Fue emocionante, no menos para él que para mí. Había sido aquel añadido del peligro lo que más me había atraído en los primeros tiempos de mi relación con Robert. Fue maravilloso estar con un joven, saber que mi cuerpo era bello aún y que mi edad parecía ser un atractivo más, porque dominaba por completo la situación y mi experiencia le llenaba de respeto y de asombro.
Le despedí después en seguida diciendo que aquello no podría repetirse. Sabía que se repetiría, claro, pero eso lo hacía más precioso y emocionante. Su expresión fue de gran seriedad, una expresión muy trágica, pero yo sabía que tendría valor suficiente para volver a desafiar la cólera de Leicester una y otra vez, por no perderse aquello.
Una vez que se fue, me eché a reír y pensé en Leicester bailando alrededor de la Reina.
—Ese juego pueden jugarlo dos, mi noble conde —dije.
La Reina había cambiado de idea una vez más. Se había recuperado y sólo Leicester, había decidido de nuevo, era digno de dirigir los ejércitos de los Países Bajos.
Robert estaba muy emocionado cuando vino a Leicester House. Veía abrirse ante él, según me dijo, un maravilloso futuro. Le habían ofrecido a la Reina la corona de Holanda. Ella no la aceptaría, pero Robert no veía razón alguna para no poder aceptarla él.
—¿Os gustaría ser Reina, Lettice? —me preguntó. Le contesté que no rechazaría una corona si me la ofrecían.
—Esperemos que no impida otra vez nuestra marcha —dije.
—No lo hará —contestó—. Está ansiosa de obtener una victoria allí. La necesitamos. Voy a prometeros una cosa: expulsaré a los españoles de los Países Bajos.
Me miró de pronto y vio la frialdad de mi mirada, pues yo pensaba en lo absorto que le tenía su inminente gloria y lo poco que le preocupaba dejarme. Pero luego ella había visto que teníamos tan poco tiempo para estar juntos que aquella separación no alteraba gran cosa la vida que llevábamos desde hacía mucho tiempo.
Me cogió de las manos y me besó.
—Lettice —continuó—. Voy a lograrlo por vos. No creáis que no comprendo lo que ha sido vuestra vida. Yo nada pude hacer. Era contra mi voluntad. Comprendedlo, por favor.
—Lo comprendo muy bien —contesté—. Teníais que menospreciarme porque ella lo deseaba.
—Así es. Si yo pudiese…
Me cogió y me abrazó, pero percibí que aquella emoción no brotaba de su pasión por mí sino de pensar en la gloria que alcanzaría en los Países Bajos.
Le acompañaría Philip Sidney, y encontraría además un puesto para Essex.
—Eso complacerá a nuestro joven Conde. Ya veis cómo me cuido de la familia.
La campaña de Flandes sería una marcha triunfal. Ya lo tenía planeado. Y se fue a ver a su caballerizo, pues tenía mucho que hablar con él.
Me preguntaba, divertida, cuál sería la reacción de Christopher Blount. Había algo en Christopher muy inocente, y desde que se había producido lo que yo secretamente llamaba «el incidente» había visto desfilar por su rostro muchas emociones. Culpabilidad, nerviosismo, esperanza, deseo, vergüenza y miedo mezclados. Se consideraba un villano por haber seducido a la mujer de su señor. Yo quería decirle que había sido yo quien le había seducido. Era un joven encantador, y aunque me había sentido tentada a repetir la experiencia, no lo había hecho. No quería decepcionar a Christopher convirtiéndolo en una relación puramente física.

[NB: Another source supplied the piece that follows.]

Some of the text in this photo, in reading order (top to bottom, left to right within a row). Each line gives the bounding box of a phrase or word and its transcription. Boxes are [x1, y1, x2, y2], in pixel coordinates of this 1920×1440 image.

Tenía interés, sin embargo, en ver cómo se comportaba con Leicester, y si dejaba entrever algo. Estaba segura de que se esforzaría todo lo posible por no hacerlo. Y, puesto que había de salir para los Países Bajos con Leicester, me dije, no podría haber de inmediato una repetición del incidente. Pero me equivocaba.

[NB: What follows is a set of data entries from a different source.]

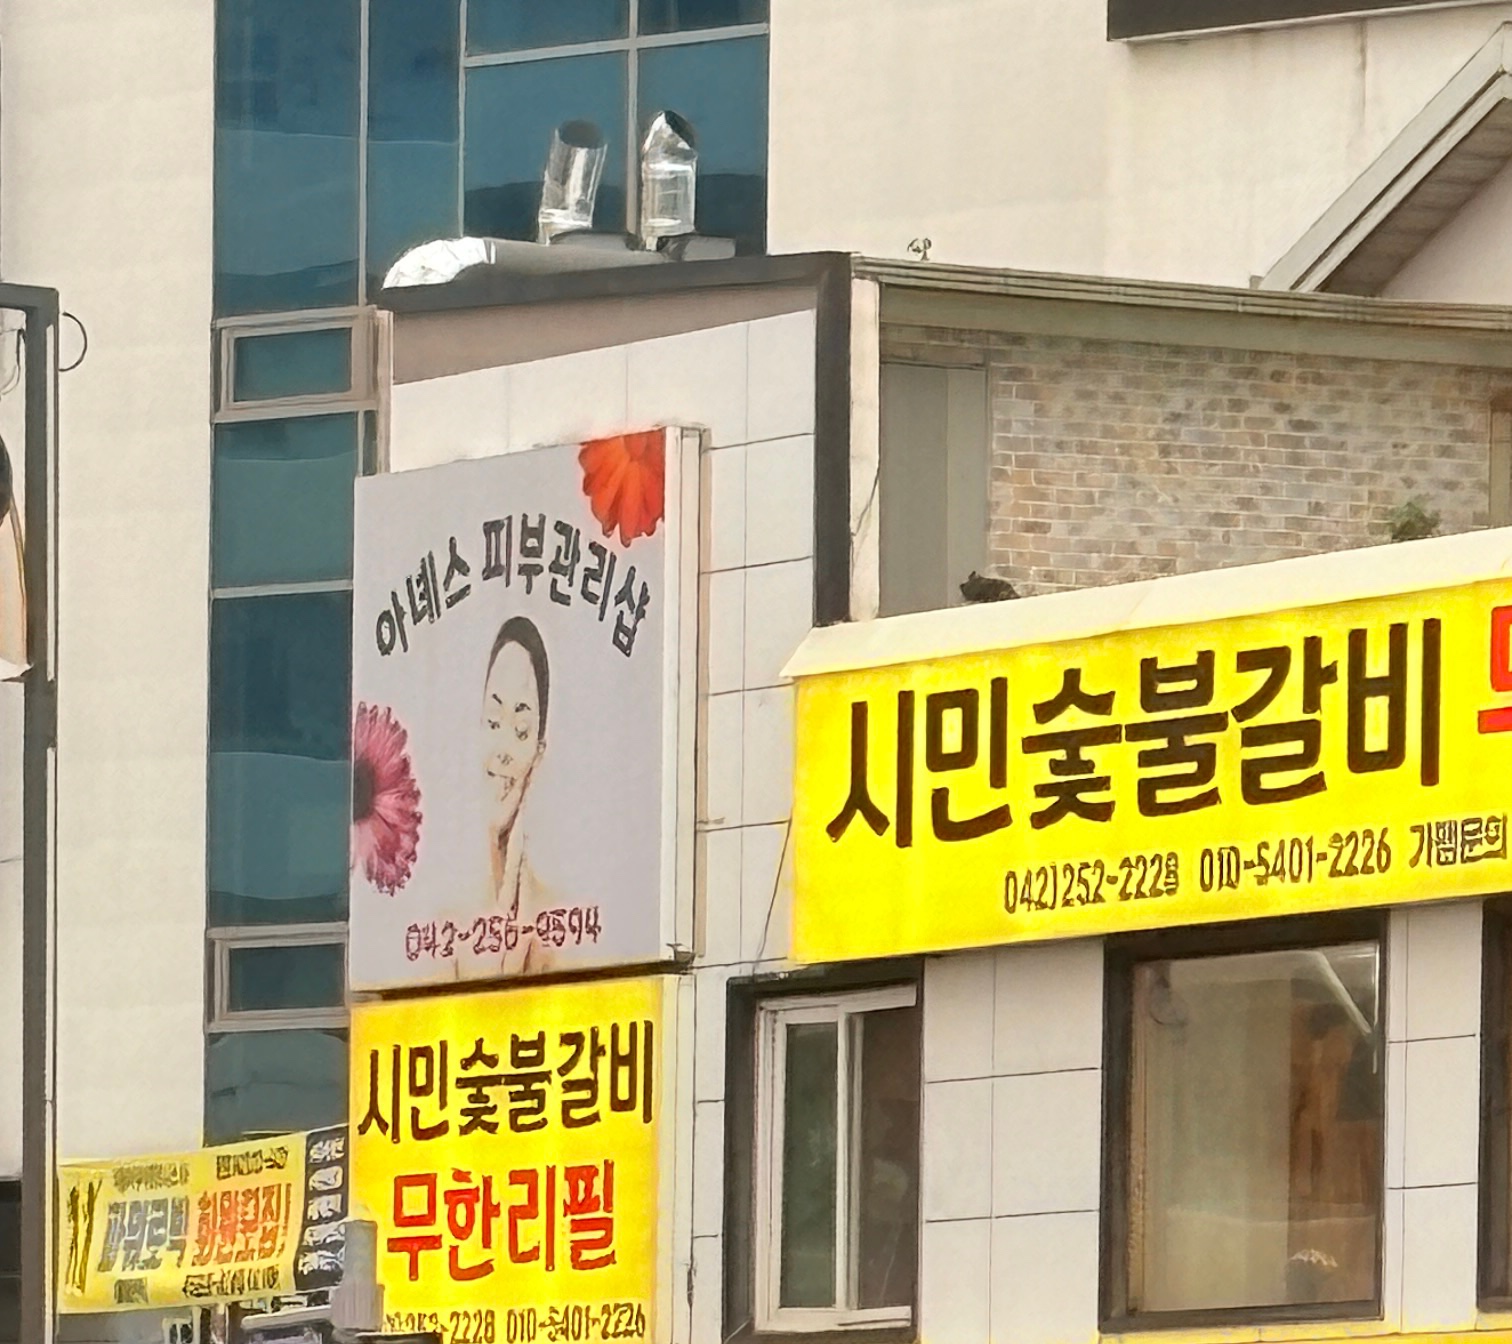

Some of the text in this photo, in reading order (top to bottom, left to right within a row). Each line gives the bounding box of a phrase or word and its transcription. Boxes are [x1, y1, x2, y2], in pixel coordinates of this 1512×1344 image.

[482, 513, 651, 657] 피부관리샵
[825, 618, 1441, 849] 시민숯불갈비
[1200, 827, 1392, 893] 010-5401-2226
[357, 1020, 655, 1144] 시민숯불갈비
[387, 1159, 618, 1282] 무한리필
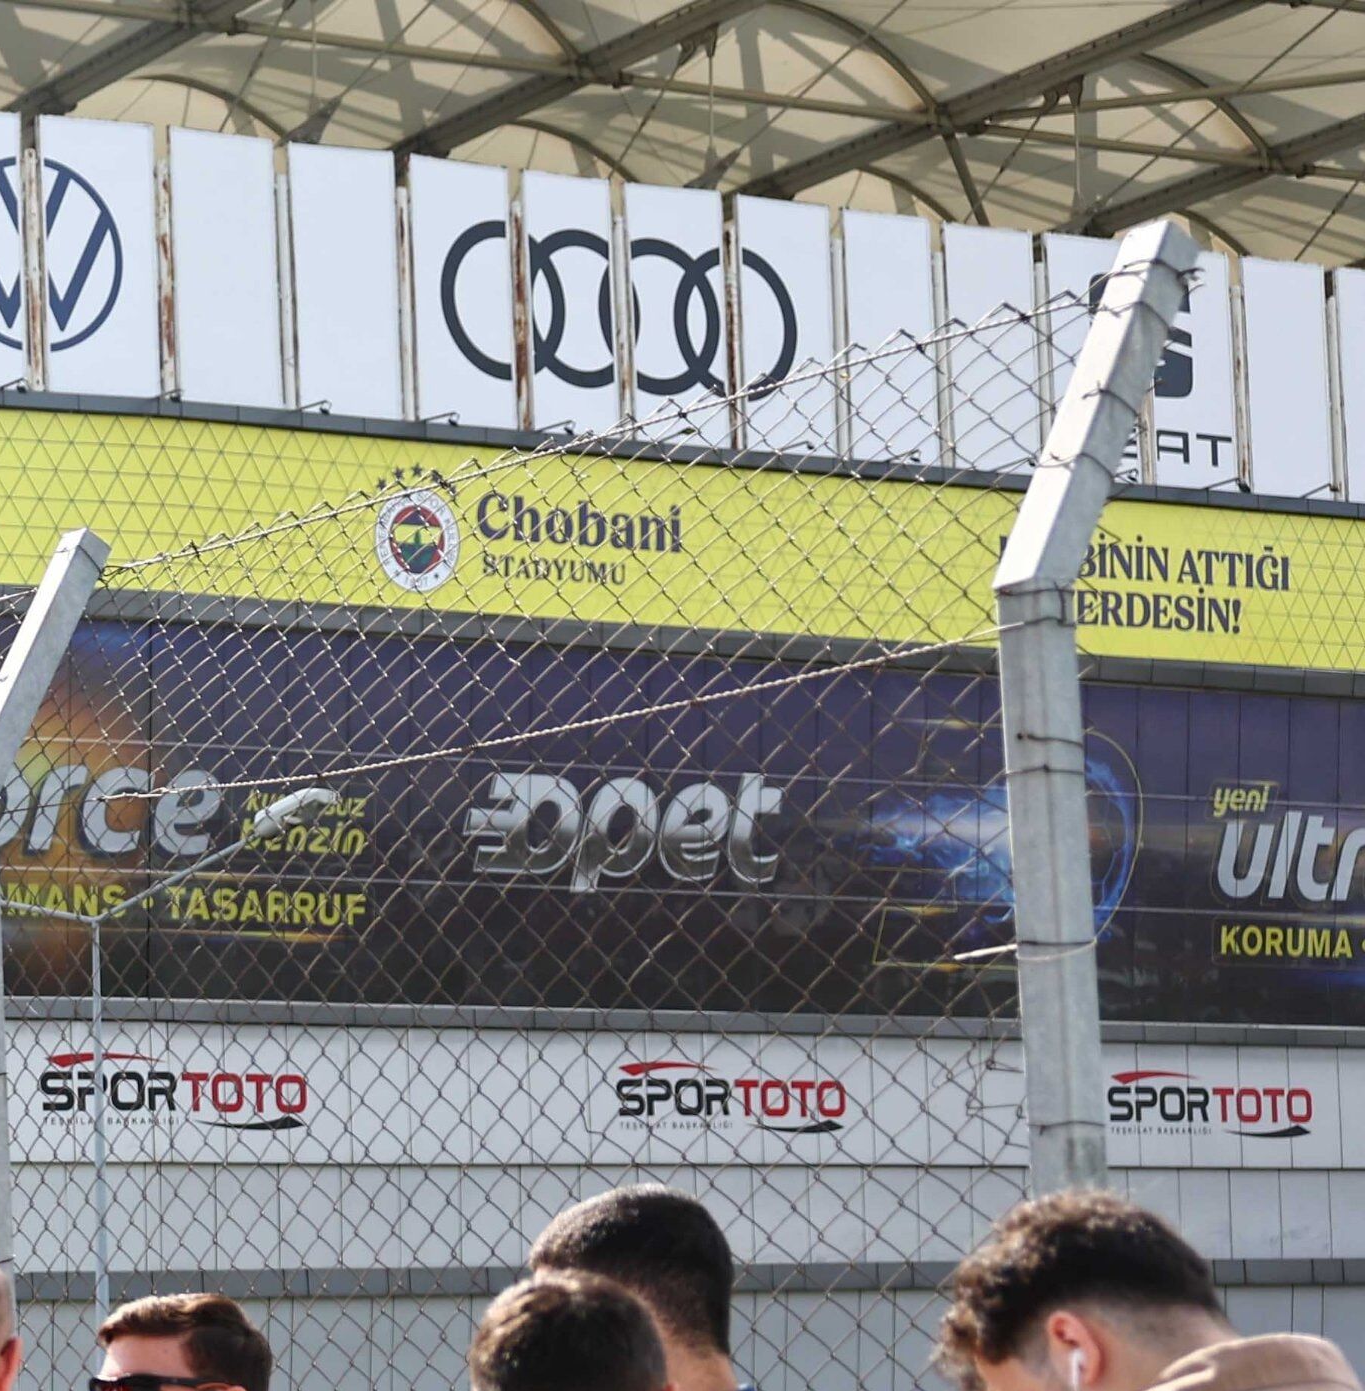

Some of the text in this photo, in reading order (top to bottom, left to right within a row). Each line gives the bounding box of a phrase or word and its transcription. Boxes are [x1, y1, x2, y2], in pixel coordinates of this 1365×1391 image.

La Reina estaba decidida a que Leicester no pasase su última noche en Inglaterra conmigo.
Esperaba que al final hiciese aquello y esperaba que él viniese a Leicester House. No vino. En su lugar llegó un mensajero con la noticia de que la Reina insistía en que Robert se quedase en la Corte, pues tenía mucho que hablar con él. Yo sabía, por supuesto, que pese a ser su esposa, era ella quien tenía derecho preferente a sus servicios. Me puse furiosa y me sentí frustrada. Me ofendía la actitud de Robert. Supongo que en el fondo de mi corazón aún seguía amándole, aún le deseaba. Sabía entonces que no podía haber otro en mi vida que ocupara su sitio. Me sentía enferma de celos y de desilusión, al imaginarles juntos. Ella aparecería sin duda a primeras horas de la mañana, y él estaría allí, presentándole sus nauseabundos cumplidos, diciéndole lo triste que se sentía por tener que dejarla. Y ella escucharía, con la cabeza ladeada, los ojos de halcón benignos y suaves… creyendo a su dulce Robin, Sus Ojos, el único hombre al que ella podía amar.
Había sido un frío día de diciembre, pero el tiempo no podía ser peor que mi estado de ánimo. Decidí que era una estúpida. Al diablo Isabel, me dije. Al diablo Leicester. Ordené a mis criados que hiciesen un buen fuego en mi dormitorio y cuando estuvo caliente y acogedor, envié recado a Christopher de que viniese.
Era tan joven, tan ingenuo, tan inexperto. Sabía que me adoraba, y su adoración era un bálsamo para mi vanidad herida. No podía soportar que su opinión de mí cambiase, así que le dije que había mandado a buscarle para decirle que no debía sentirse culpable por lo ocurrido. Había sido una cosa espontánea, que había sucedido antes de que hubiésemos podido darnos cuenta de lo que hacíamos. No debía repetirse, por supuesto, y debíamos olvidarlo.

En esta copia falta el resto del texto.